10. Cancellation of Accepted Services
10.1. In the case of cancellation of accepted services, the Costumer shall be under an obligation to pay full compensation, including for loss of profit, and generally to indemnify us for all costs incurred in connection with the cancellation.
11.1. The language services shall be carried out using reasonable skill and care in accordance with the standards of the industry.
11.2. We adhere to use reasonable skill and care in selecting translators, interpreters and other personnel used to produce any translations and/or perform any services.
11.3. No terms, conditions or warranties, whether expressed or implied, about the quality or fitness for purpose of the services performed or any Translated Material shall be incorporated unless expressly set out in the Contract.
11.4. We do not warrant that any translation or service will meet your specific requirements and, unless otherwise agreed in writing, we do not warrant that the operation of any Translated Material sent to you or Services performed by us will be uninterrupted or error free. Furthermore, we do not warrant or make any representation regarding the use of the Translated Material or the Services provided in terms of their accuracy, correctness, and reliability or otherwise.
11.5. You acknowledge that any original material and Translated Material submitted by and to you over the Internet or via the AdHoc platform cannot be guaranteed to be free from the risk of interception or corruption even if transmitted in encrypted form and that we have no liability for the loss, corruption or interception of any original material or Translated Material.
11.6. Neither of us will be entitled to, and neither of us shall be liable for, indirect, special, incidental, consequential or punitive damages of any nature, including, but not limited to, business interruption costs, loss of profit, removal and/or reinstallation costs, reprocurement costs, loss of data, injury to reputation or loss of customers.
11.7. Your recovery from us for any claim is limited to 2 times the purchase price for the service giving rise to such claim irrespective of the nature of the claim, whether in contract, tort, warranty or otherwise.
11.8. If a third party makes a claim against one of the parties for liability for damages in accordance with the present clause the party in question shall immediately notify the other party.
11.9. If you fail to notify us of any claim within the period of thirty (30) days we shall not be liable to you.
12. Force Majeure
12.1. Either party shall be excused from any delay or failure in performance if caused by reason of any occurrence or contingency beyond its reasonable control, including, but not limited to, acts of God, acts of war, fire, insurrection, strikes, lock-outs or other serious labor disputes, riots, earthquakes, floods, explosions or other acts of nature. The obligations and rights of the party so excused shall be extended on a day-to-day basis for the time period equal to the period of such excusable interruption. When such events have abated, the parties’ respective obligations shall resume. In the event the interruption of the excused party’s obligations continues for a period in excess of thirty (30) calendar days, either party shall have the right to terminate the applicable contract(s) of sale, without liability, upon thirty (30) calendar days’ prior written notice to the other party.

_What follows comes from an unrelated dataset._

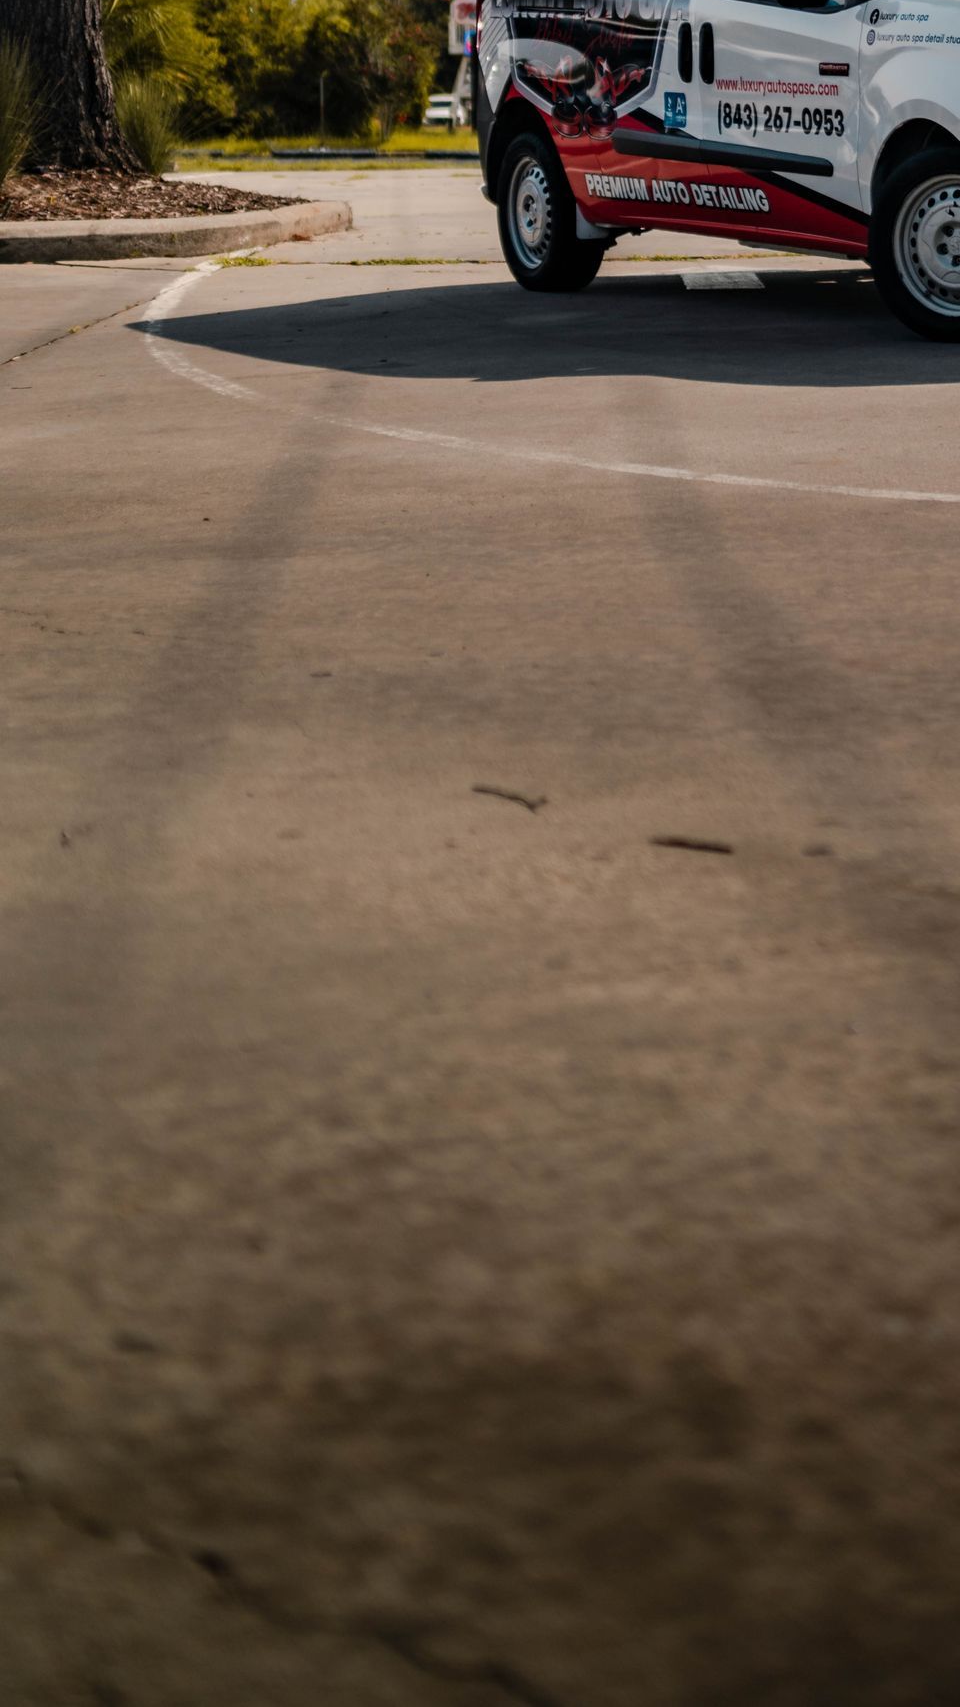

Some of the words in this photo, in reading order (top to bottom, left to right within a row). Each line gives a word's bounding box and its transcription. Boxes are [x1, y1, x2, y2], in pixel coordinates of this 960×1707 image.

13.1. These GTC and all contracts of sale entered into between us shall be governed by and construed in accordance with the laws of Denmark without giving effect to any choice of law or conflict of law provisions. Any suits, actions or proceedings that may be instituted by either of us against the other shall be instituted exclusively before the competent courts of Denmark, however, without prejudice to our right to bring suits, actions or proceedings in any other court which would have jurisdiction if this provision had not been incorporated into these GTC.